A bauble with tinsel and christmas lights

In this article, David Boultbee from Ultra LEDs shares his tips for keeping your student properties safe when they’re unoccupied this Christmas.

Christmas break is approaching, which means that most student tenants will be heading back home to see their families and leaving their rented properties empty. As their landlord, there’s a few reasons why this might be a problem for you. 

Almost 70% of student properties are left empty during the holidays, which unfortunately makes burglaries extremely common during this time. Adding to the risk, UK homes are a third more likely to be broken into during the winter months after the clocks go back, as the darker nights make it easier for thieves to get away.

That’s not the only issue with empty houses, either. More household fires take place in winter, with chimneys, heaters, and faulty Christmas decorations increasing the risk of a fire breaking out (gov.uk). And, with no one around to prevent the blazes or respond to alarms, the consequences could be devastating to your property.

When you know your rented property will be left unattended, its best to have safety measures in place to deter thieves, reduce the risk of fires, and protect your building from other seasonal threats. Below, I’ll take you through some of the best steps you can take.

Scaring off burglars and thieves

If you’re looking to protect your property from burglars, a tried and tested method of theft prevention is making a house look occupied when it isn’t. One of the easiest ways to do this is to install timers on lights and lamps inside the building. You can purchase lamps with timers built in or buy them separately, but you must make sure the timers are compatible with your light fittings by reading the packaging first.

Thieves are smart, so make sure you think carefully about when you want your lights to turn on and off. The simplest approach is to time them for sunrises and sunsets, but a more complicated and effective system might be to illuminate the living room, then the kitchen, then the living room again, then finally the bedroom throughout the evening, as if the occupants are moving from room to room. That should be enough to deter thieves even if they are watching the house.

Don’t forget that lights can be used to protect your property from the outside, too. I would recommend installing motion activated security lights in dark areas and entry points. These can draw attention to a potential break-in and make thieves more identifiable if you have CCTV or a doorbell camera, so they’ll be more likely to move on and try somewhere else — or get caught by the police.

Preventing fires

Fires also pose a threat to unoccupied properties. As a landlord, you’re legally required to fit smoke, fire, and carbon monoxide alarms and test them so you know they will alert residents to any dangers. You also have to make sure the property is free from hazards by organising gas safety checks and PAT tests for electrical equipment. If your property has more than three tenants, you also have to supply fire extinguishers (gov.uk).

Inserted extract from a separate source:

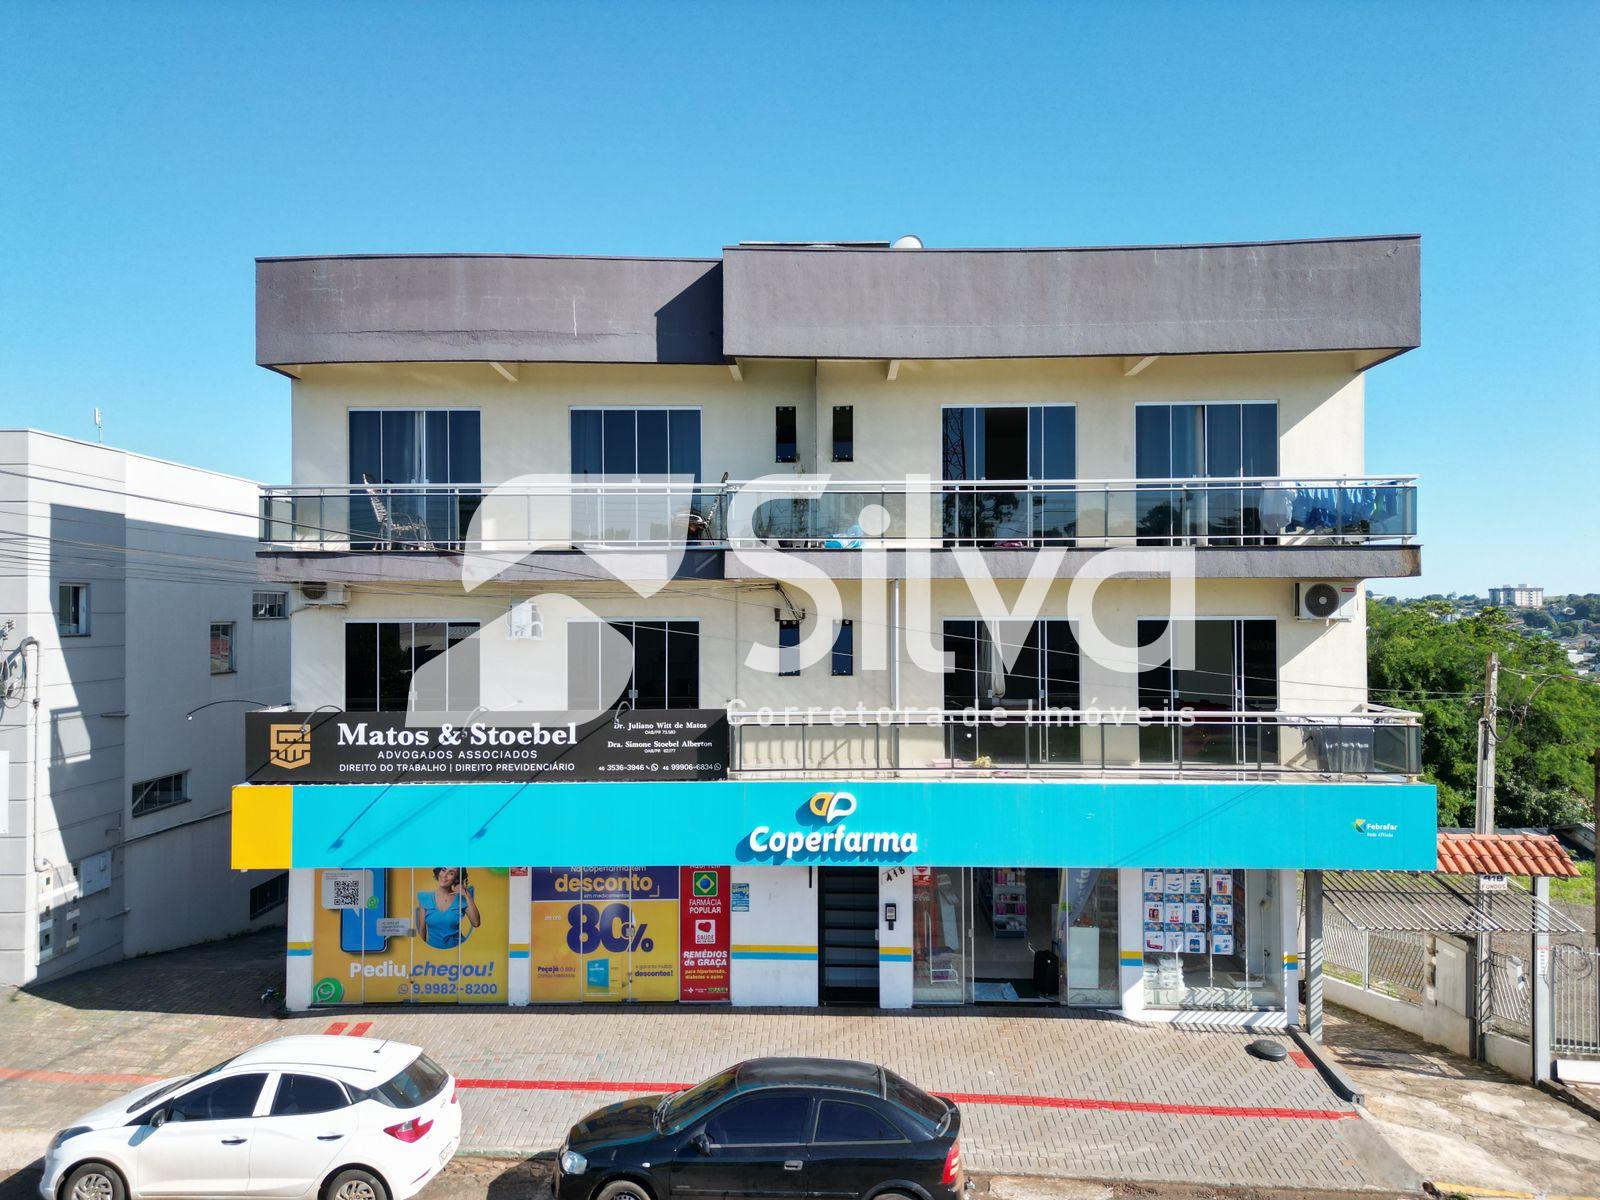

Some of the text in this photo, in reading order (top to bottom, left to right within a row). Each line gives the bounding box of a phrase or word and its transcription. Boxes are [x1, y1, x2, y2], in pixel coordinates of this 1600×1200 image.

These measures are to ensure that your property stays fire safe all year round.

Many landlords also choose to switch to LED bulbs rather than halogen, fluorescent, or incandescent light sources because they convert a much higher percentage of their energy into light rather than heat. That means there’s less of a risk of them causing a fire in your building if they’re left on and unattended over Christmas, so you could consider swapping your bulbs and fittings as an extra precaution.

Seasonal safety issues

Christmas itself poses a few extra safety problems for properties, especially when they’re left unattended. Decorations put up by your tenants in the run up to the festive season might accidentally be left plugged in, which could be an additional fire risk. This risk is increased even further if they have been cheaply made. It might be worth sending an email or text to your student tenants to remind them to unplug their decorations before they head home, and not to overload their plug sockets.

Outdoor festive lighting is great for wowing the neighbours, but you have to make sure your tenants are using the correct type. Wind, rain, and even animals can play havoc with string lights and other electrical ornaments, so it’s important to stress to your student tenants that they need to buy products that are designed for outdoor use. These products are made from strong materials and have their components covered and sealed, so water and whatever else can’t get in and cause an electrical fire.

Keeping costs low

There’s always the risk that the property’s energy bills will also increase over Christmas despite there being no one in the house. Electrical items may be left plugged in or running, and the central heating either on full or on a timer so it warms up the property unnecessarily. Even TV sets left on stand-by can contribute towards your bills, so remind your tenants to switch off and unplug as many electrical items as they can think of before they leave for the holidays.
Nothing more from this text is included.